*** Opening of Material shown ***
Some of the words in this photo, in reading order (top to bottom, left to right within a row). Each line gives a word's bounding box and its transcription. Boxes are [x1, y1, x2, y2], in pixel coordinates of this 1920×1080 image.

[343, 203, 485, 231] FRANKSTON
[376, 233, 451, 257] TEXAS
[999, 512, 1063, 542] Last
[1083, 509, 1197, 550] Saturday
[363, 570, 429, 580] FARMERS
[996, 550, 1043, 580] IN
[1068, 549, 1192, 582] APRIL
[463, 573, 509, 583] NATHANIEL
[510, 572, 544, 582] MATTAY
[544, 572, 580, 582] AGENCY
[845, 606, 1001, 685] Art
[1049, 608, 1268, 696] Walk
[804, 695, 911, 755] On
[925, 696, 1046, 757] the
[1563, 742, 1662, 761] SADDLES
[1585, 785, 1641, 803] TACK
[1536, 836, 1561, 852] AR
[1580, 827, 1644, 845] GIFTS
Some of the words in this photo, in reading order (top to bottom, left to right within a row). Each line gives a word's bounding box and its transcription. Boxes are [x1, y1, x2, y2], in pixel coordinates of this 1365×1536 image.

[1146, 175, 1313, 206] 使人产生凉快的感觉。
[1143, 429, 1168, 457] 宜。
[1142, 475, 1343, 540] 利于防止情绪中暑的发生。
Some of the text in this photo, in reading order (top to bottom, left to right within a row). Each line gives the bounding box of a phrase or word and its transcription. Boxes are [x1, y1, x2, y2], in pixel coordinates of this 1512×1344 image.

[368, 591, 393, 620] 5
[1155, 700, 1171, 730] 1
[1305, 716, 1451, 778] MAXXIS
*** Close of Material shown ***
Requirement = The required answer is the complete data, repeated exactly.

Result of this task =
Some of the words in this photo, in reading order (top to bottom, left to right within a row). Each line gives a word's bounding box and its transcription. Boxes are [x1, y1, x2, y2], in pixel coordinates of this 1920×1080 image.

[343, 203, 485, 231] FRANKSTON
[376, 233, 451, 257] TEXAS
[999, 512, 1063, 542] Last
[1083, 509, 1197, 550] Saturday
[363, 570, 429, 580] FARMERS
[996, 550, 1043, 580] IN
[1068, 549, 1192, 582] APRIL
[463, 573, 509, 583] NATHANIEL
[510, 572, 544, 582] MATTAY
[544, 572, 580, 582] AGENCY
[845, 606, 1001, 685] Art
[1049, 608, 1268, 696] Walk
[804, 695, 911, 755] On
[925, 696, 1046, 757] the
[1563, 742, 1662, 761] SADDLES
[1585, 785, 1641, 803] TACK
[1536, 836, 1561, 852] AR
[1580, 827, 1644, 845] GIFTS
Some of the words in this photo, in reading order (top to bottom, left to right within a row). Each line gives a word's bounding box and its transcription. Boxes are [x1, y1, x2, y2], in pixel coordinates of this 1365×1536 image.

[1146, 175, 1313, 206] 使人产生凉快的感觉。
[1143, 429, 1168, 457] 宜。
[1142, 475, 1343, 540] 利于防止情绪中暑的发生。
Some of the text in this photo, in reading order (top to bottom, left to right within a row). Each line gives the bounding box of a phrase or word and its transcription. Boxes are [x1, y1, x2, y2], in pixel coordinates of this 1512×1344 image.

[368, 591, 393, 620] 5
[1155, 700, 1171, 730] 1
[1305, 716, 1451, 778] MAXXIS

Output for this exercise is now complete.